WHAT IS EXPECTED:
Pictures aside, write every record out again word for word.

MATERIAL TO PROCESS:
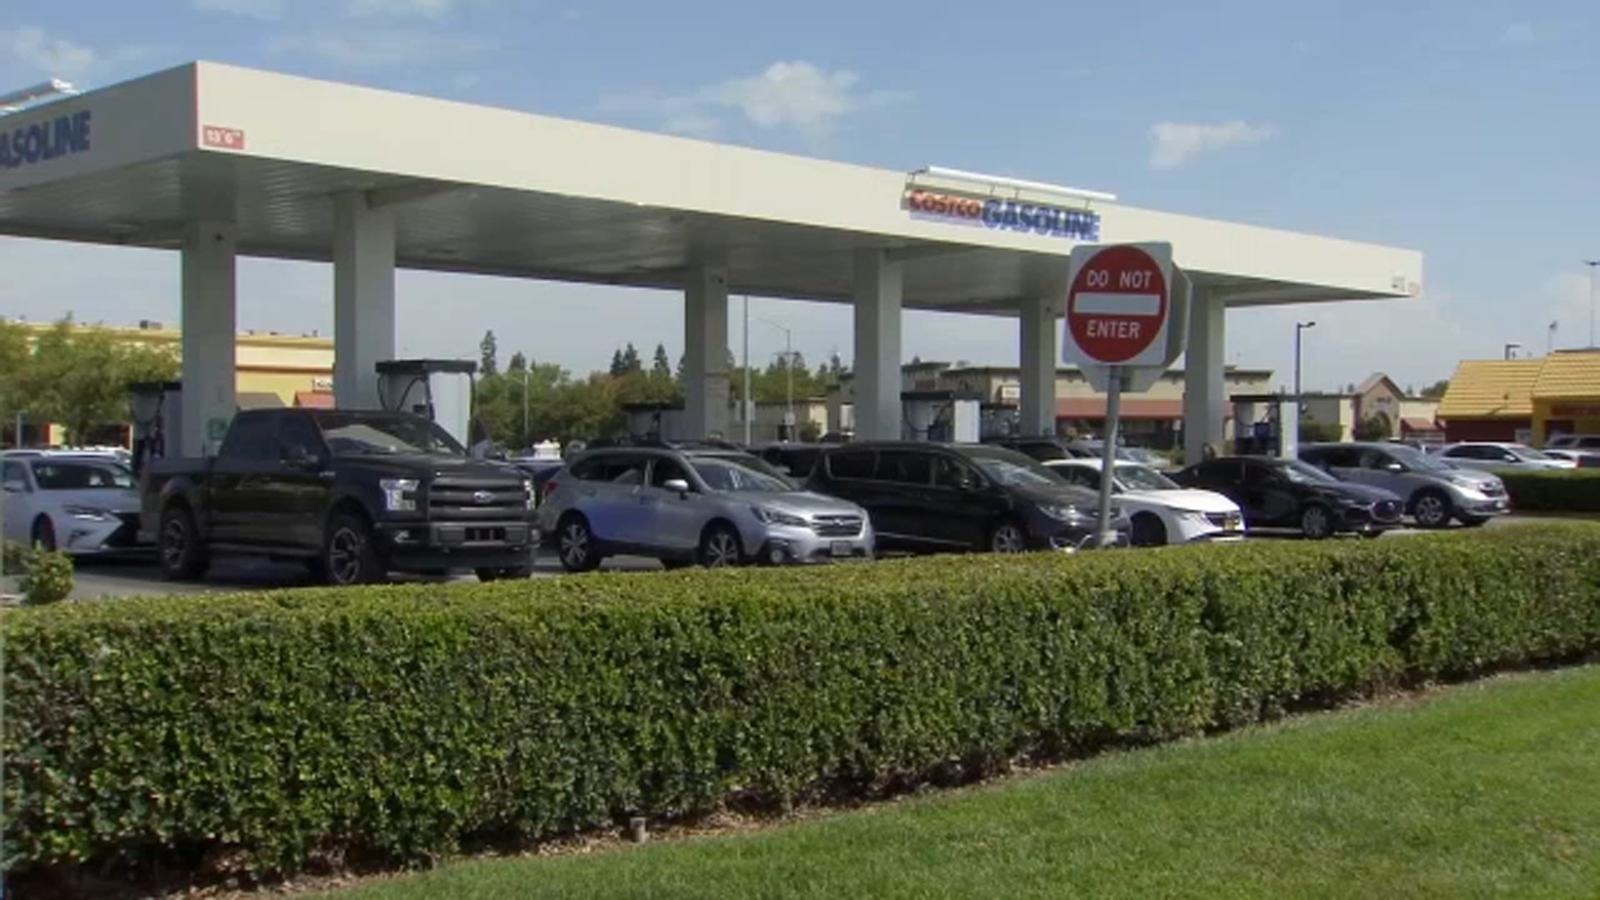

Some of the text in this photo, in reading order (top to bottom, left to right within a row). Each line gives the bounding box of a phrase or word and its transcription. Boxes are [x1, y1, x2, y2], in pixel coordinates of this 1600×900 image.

[908, 189, 1100, 241] COSTCO GASOLINE
[1086, 270, 1153, 289] DO NOT
[1086, 319, 1141, 340] ENTER
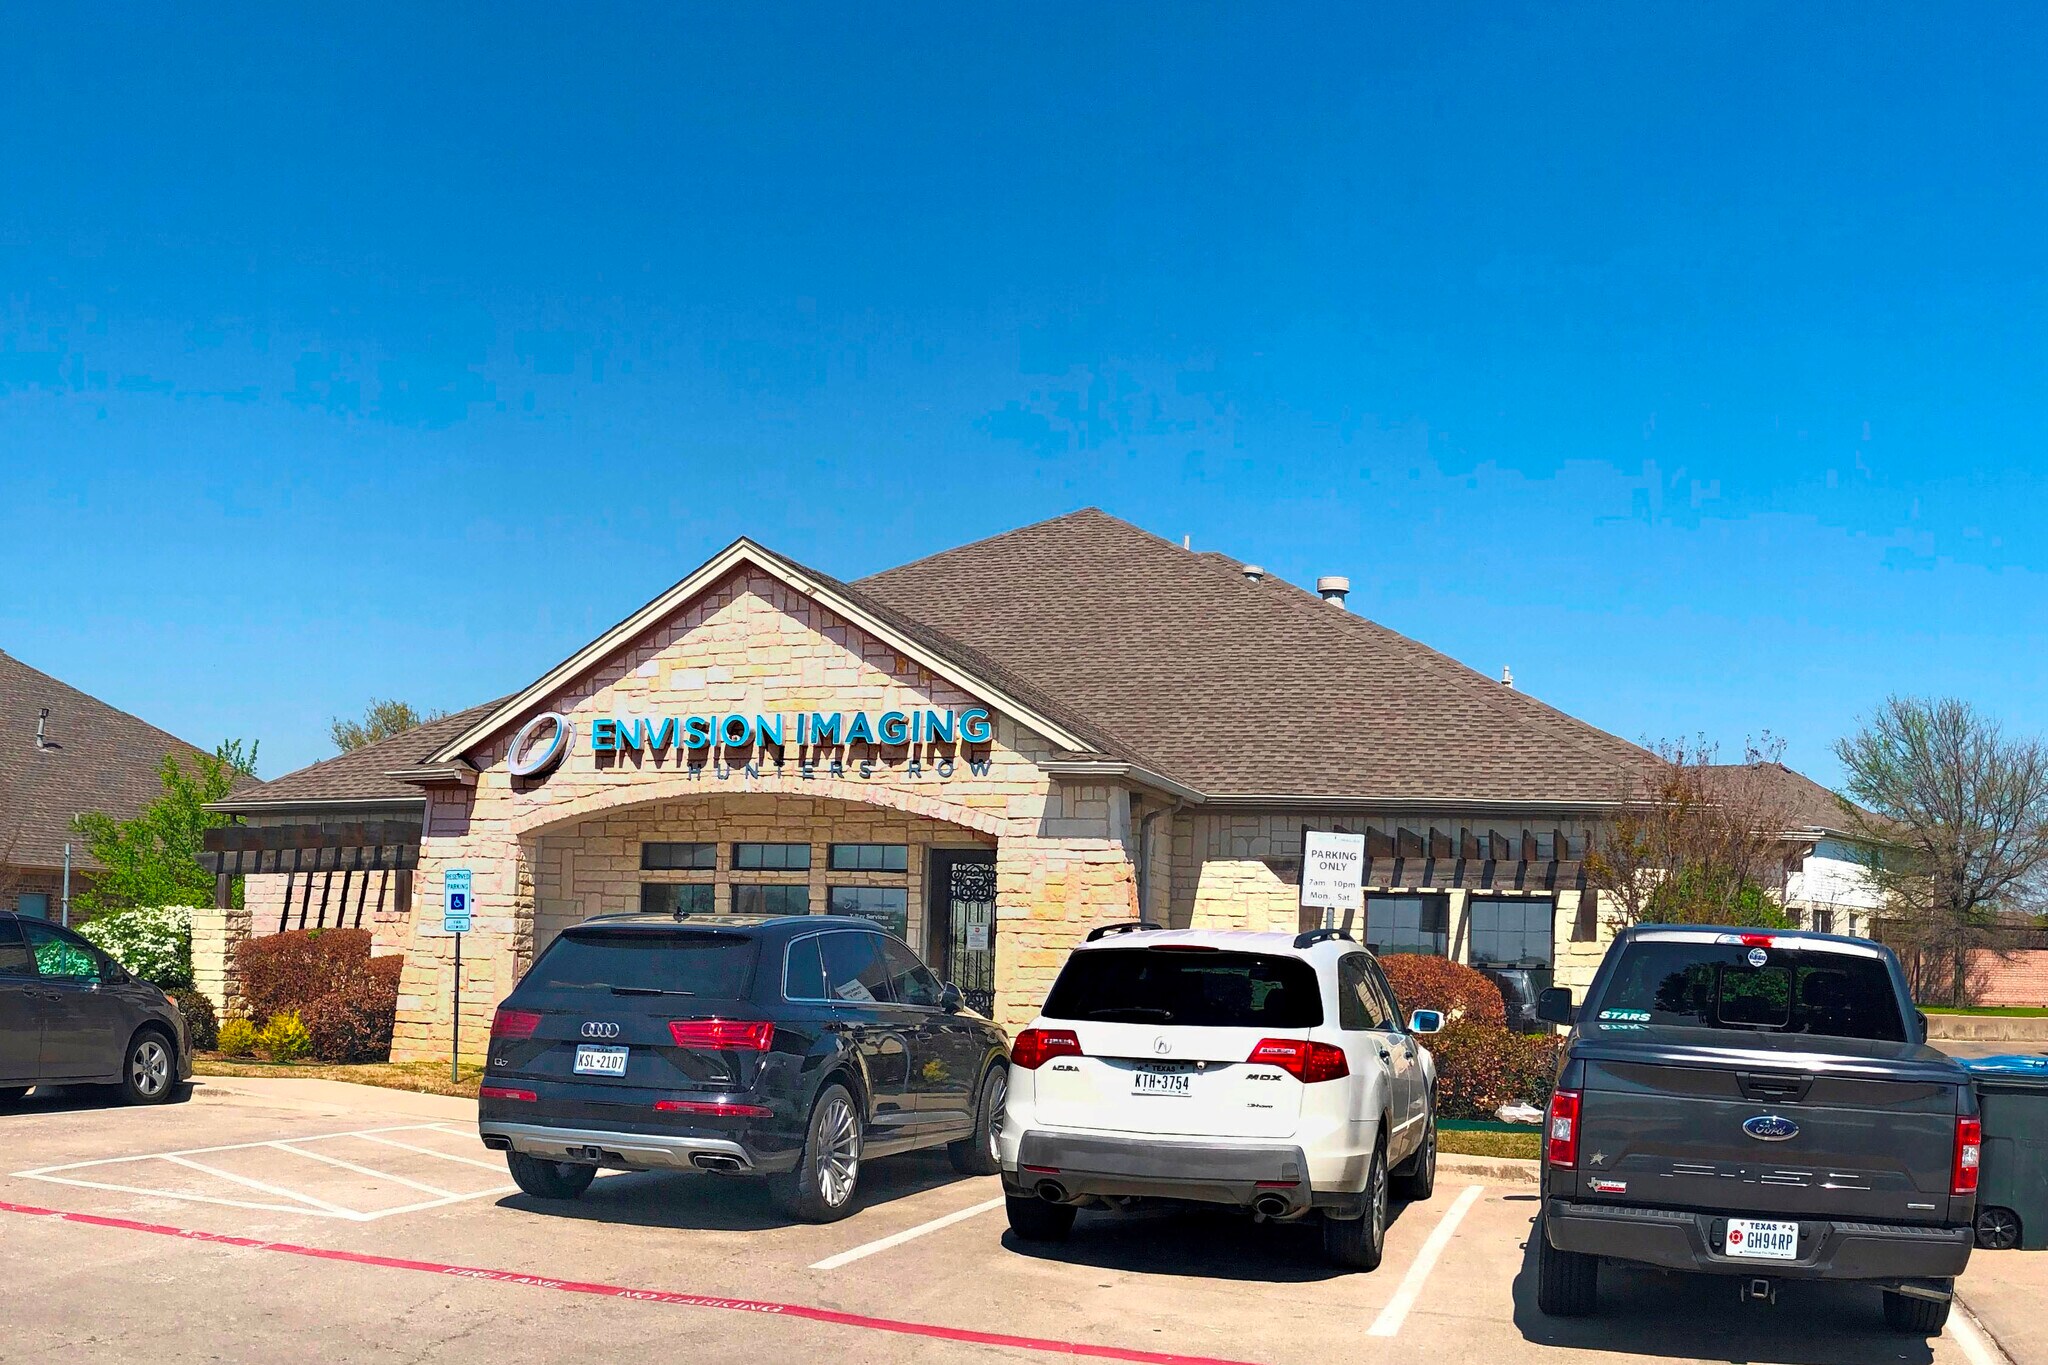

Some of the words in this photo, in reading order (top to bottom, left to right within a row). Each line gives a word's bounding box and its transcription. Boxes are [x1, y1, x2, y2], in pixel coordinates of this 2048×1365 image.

WRITTEN SOLUTION:
Some of the text in this photo, in reading order (top to bottom, left to right within a row). Each line gives the bounding box of a phrase or word and its transcription. Boxes are [x1, y1, x2, y2], in pixel coordinates of this 1600×900 image.

[908, 189, 1100, 241] COSTCO GASOLINE
[1086, 270, 1153, 289] DO NOT
[1086, 319, 1141, 340] ENTER

Some of the words in this photo, in reading order (top to bottom, left to right within a row). Each line gives a word's bounding box and its transcription. Boxes are [x1, y1, x2, y2], in pixel coordinates of this 2048×1365 image.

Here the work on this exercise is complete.